Your task: Please repeat the listing below exactly, but do not include its pictures.

---------- Records for the exercise

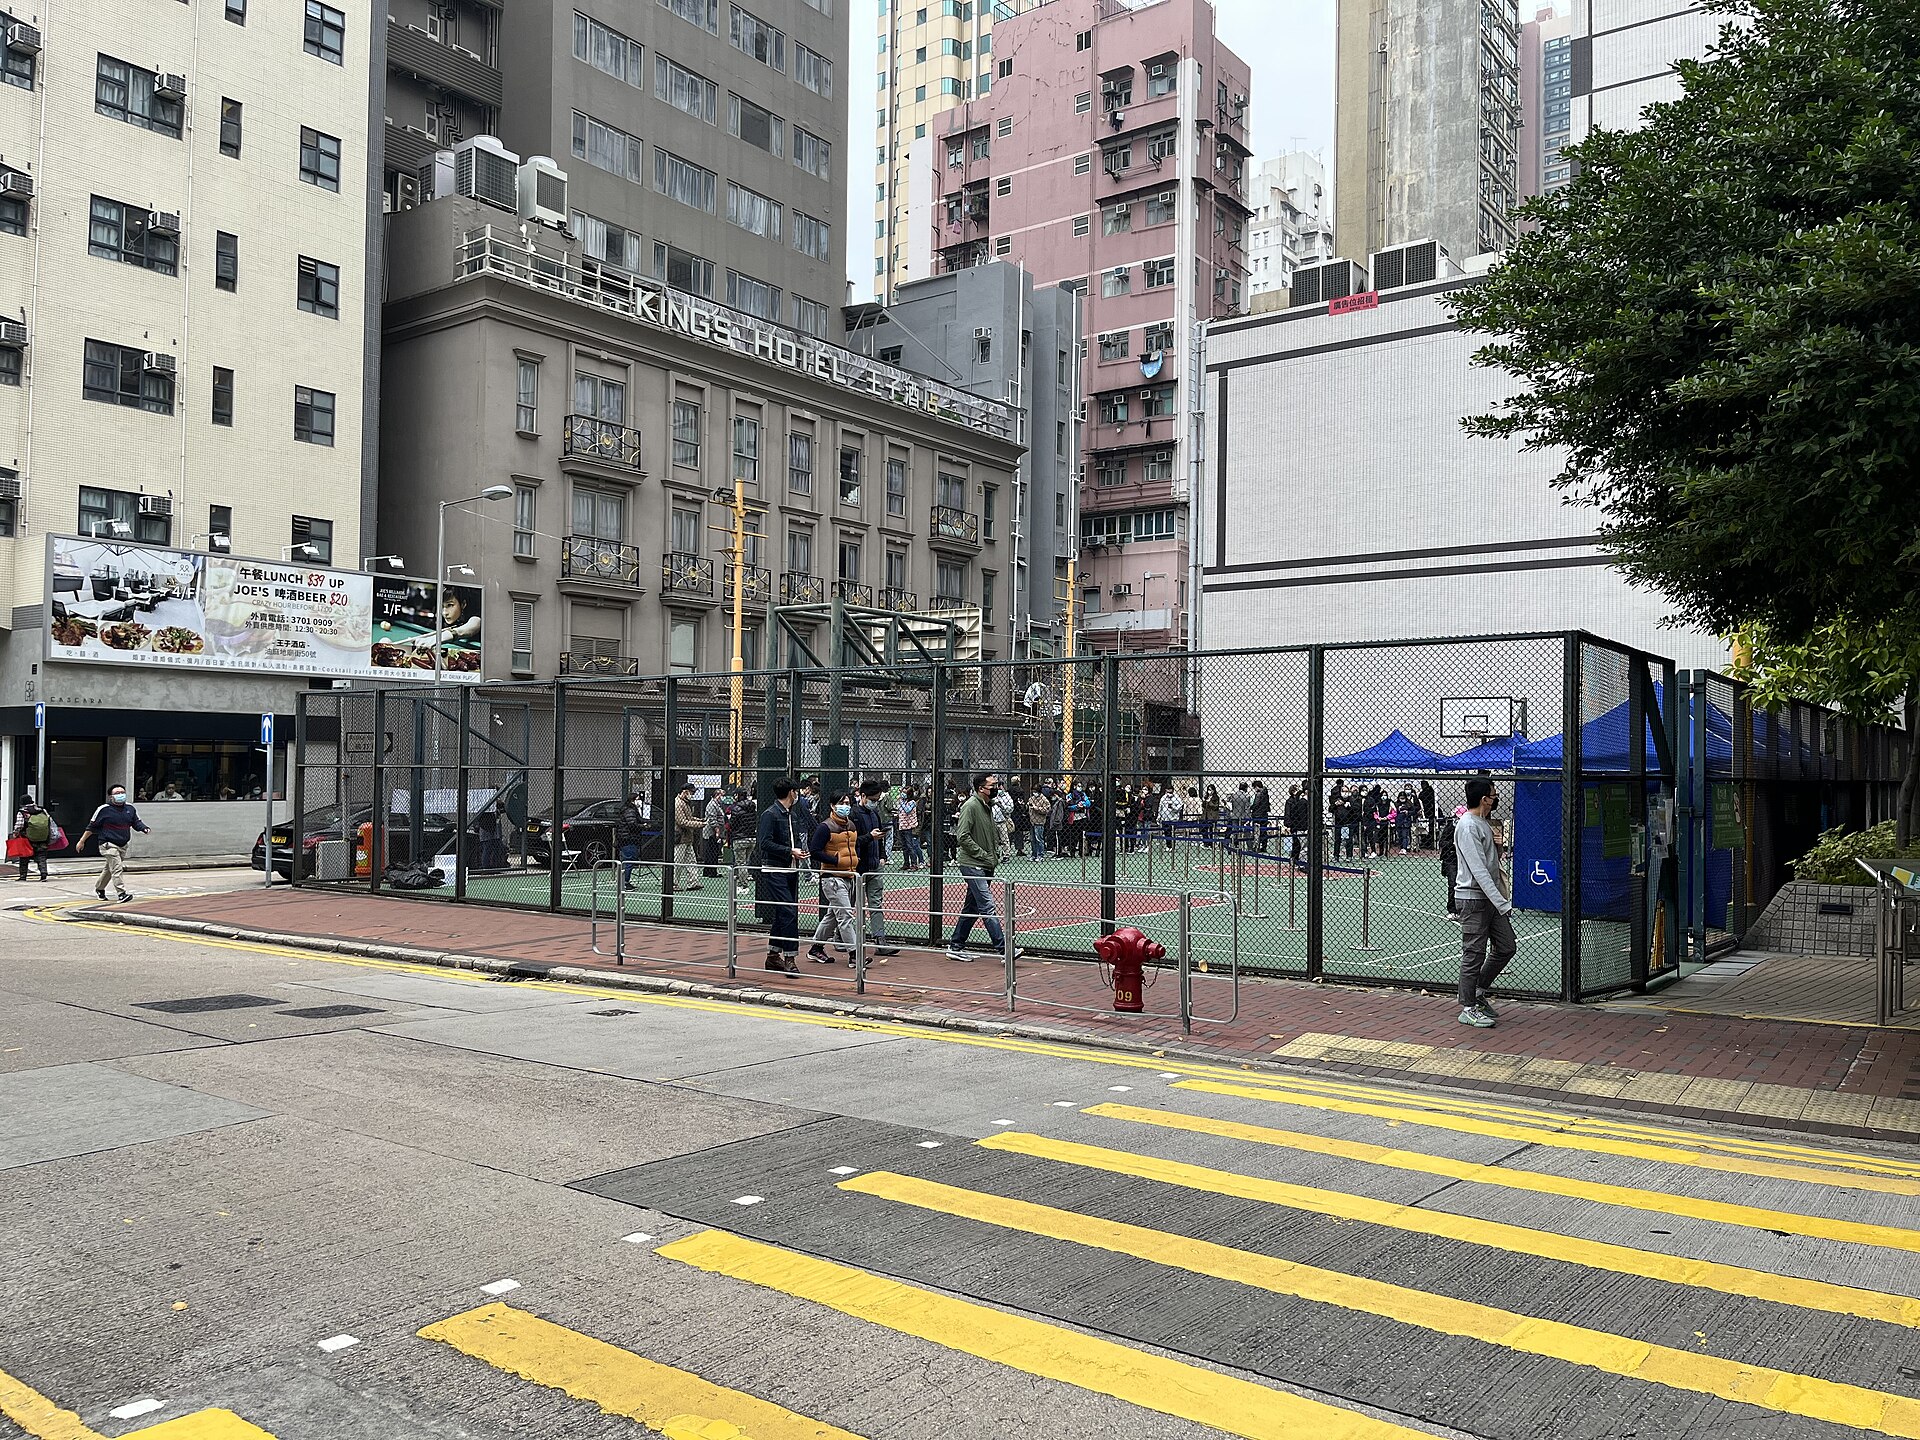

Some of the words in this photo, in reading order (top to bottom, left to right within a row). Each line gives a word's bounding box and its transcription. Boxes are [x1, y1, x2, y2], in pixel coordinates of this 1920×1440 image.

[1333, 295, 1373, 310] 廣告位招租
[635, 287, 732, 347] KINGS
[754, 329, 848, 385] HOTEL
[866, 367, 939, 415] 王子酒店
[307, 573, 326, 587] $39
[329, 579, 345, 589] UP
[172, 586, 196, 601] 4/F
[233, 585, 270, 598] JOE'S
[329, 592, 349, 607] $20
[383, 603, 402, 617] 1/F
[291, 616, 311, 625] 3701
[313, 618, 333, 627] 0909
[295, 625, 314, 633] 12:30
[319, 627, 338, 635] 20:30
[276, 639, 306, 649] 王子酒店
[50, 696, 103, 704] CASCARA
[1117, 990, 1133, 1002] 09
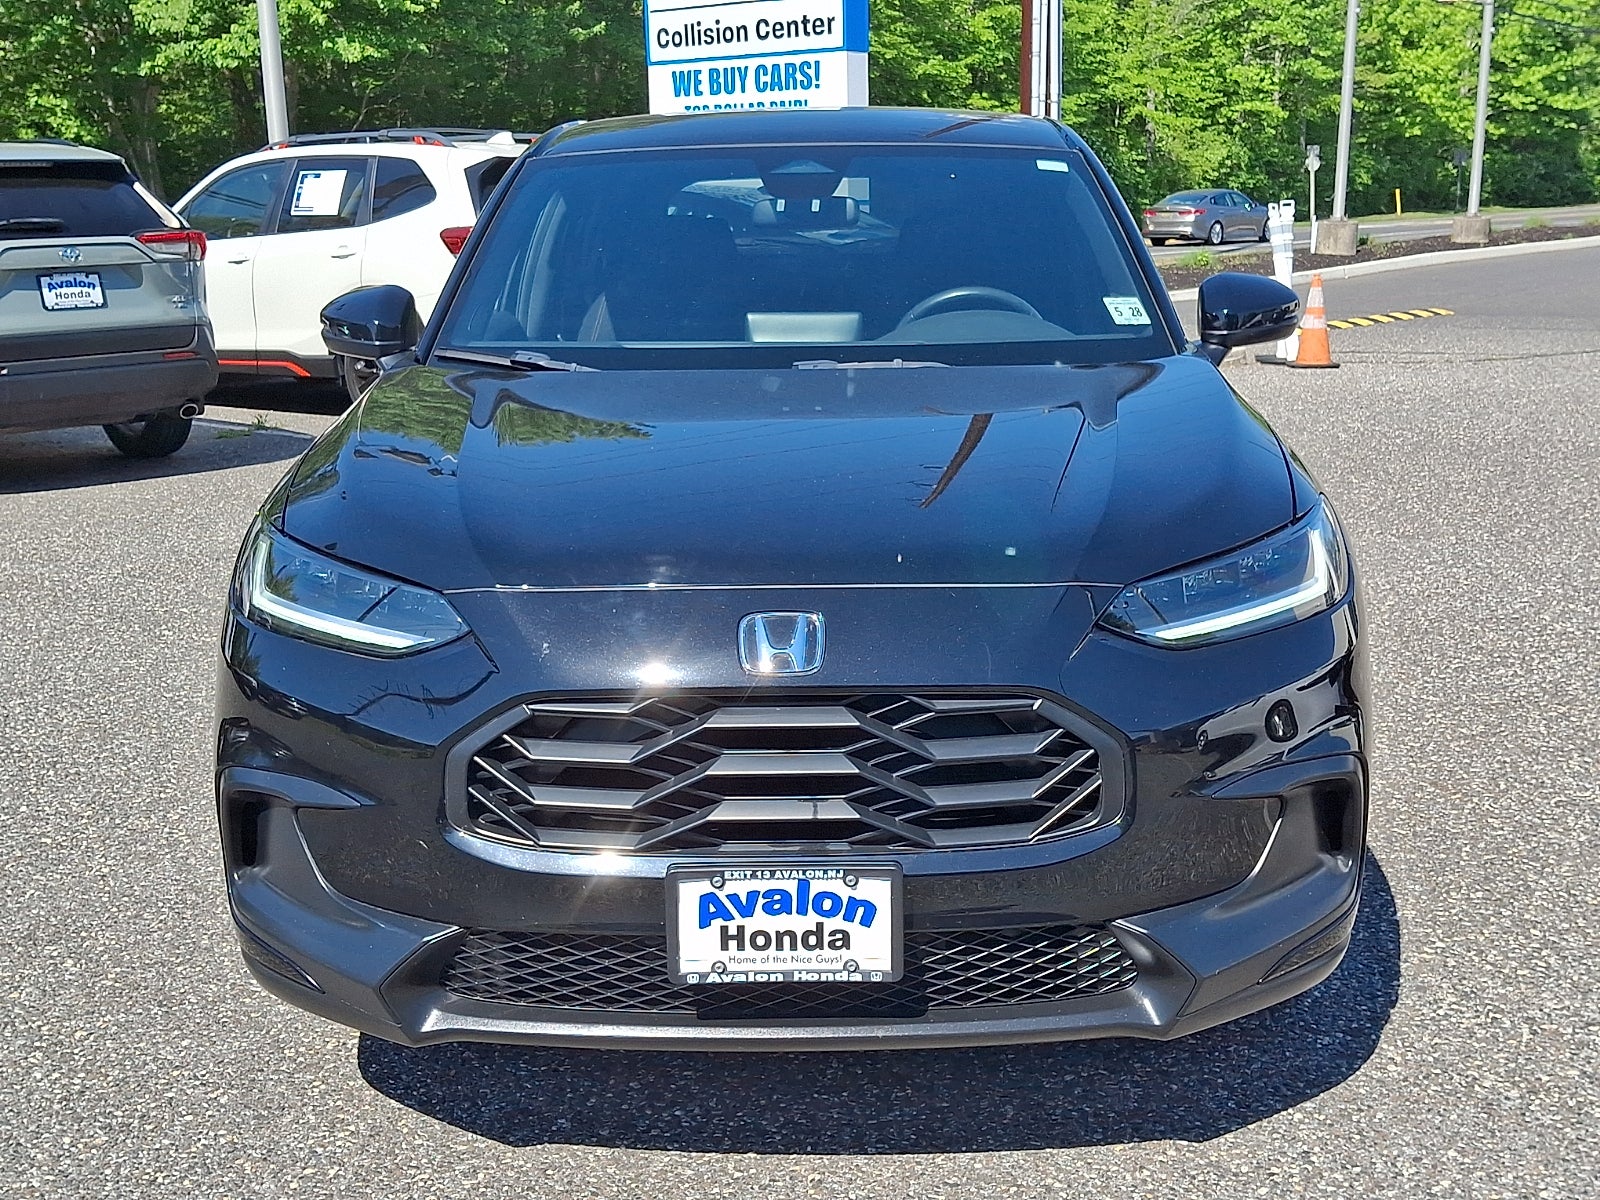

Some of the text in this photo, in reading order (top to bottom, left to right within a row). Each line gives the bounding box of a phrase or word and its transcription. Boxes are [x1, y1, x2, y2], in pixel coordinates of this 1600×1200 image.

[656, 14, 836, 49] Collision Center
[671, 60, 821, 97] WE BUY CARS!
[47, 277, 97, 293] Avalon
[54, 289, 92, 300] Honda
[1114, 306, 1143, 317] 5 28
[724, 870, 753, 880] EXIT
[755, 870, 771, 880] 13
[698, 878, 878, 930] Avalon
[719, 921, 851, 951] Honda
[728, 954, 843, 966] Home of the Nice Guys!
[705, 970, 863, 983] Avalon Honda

--------------------

Result of the exercise:
Some of the words in this photo, in reading order (top to bottom, left to right within a row). Each line gives a word's bounding box and its transcription. Boxes are [x1, y1, x2, y2], in pixel coordinates of this 1920×1440 image.

[1333, 295, 1373, 310] 廣告位招租
[635, 287, 732, 347] KINGS
[754, 329, 848, 385] HOTEL
[866, 367, 939, 415] 王子酒店
[307, 573, 326, 587] $39
[329, 579, 345, 589] UP
[172, 586, 196, 601] 4/F
[233, 585, 270, 598] JOE'S
[329, 592, 349, 607] $20
[383, 603, 402, 617] 1/F
[291, 616, 311, 625] 3701
[313, 618, 333, 627] 0909
[295, 625, 314, 633] 12:30
[319, 627, 338, 635] 20:30
[276, 639, 306, 649] 王子酒店
[50, 696, 103, 704] CASCARA
[1117, 990, 1133, 1002] 09

Some of the text in this photo, in reading order (top to bottom, left to right within a row). Each line gives the bounding box of a phrase or word and its transcription. Boxes are [x1, y1, x2, y2], in pixel coordinates of this 1600×1200 image.

[656, 14, 836, 49] Collision Center
[671, 60, 821, 97] WE BUY CARS!
[47, 277, 97, 293] Avalon
[54, 289, 92, 300] Honda
[1114, 306, 1143, 317] 5 28
[724, 870, 753, 880] EXIT
[755, 870, 771, 880] 13
[698, 878, 878, 930] Avalon
[719, 921, 851, 951] Honda
[728, 954, 843, 966] Home of the Nice Guys!
[705, 970, 863, 983] Avalon Honda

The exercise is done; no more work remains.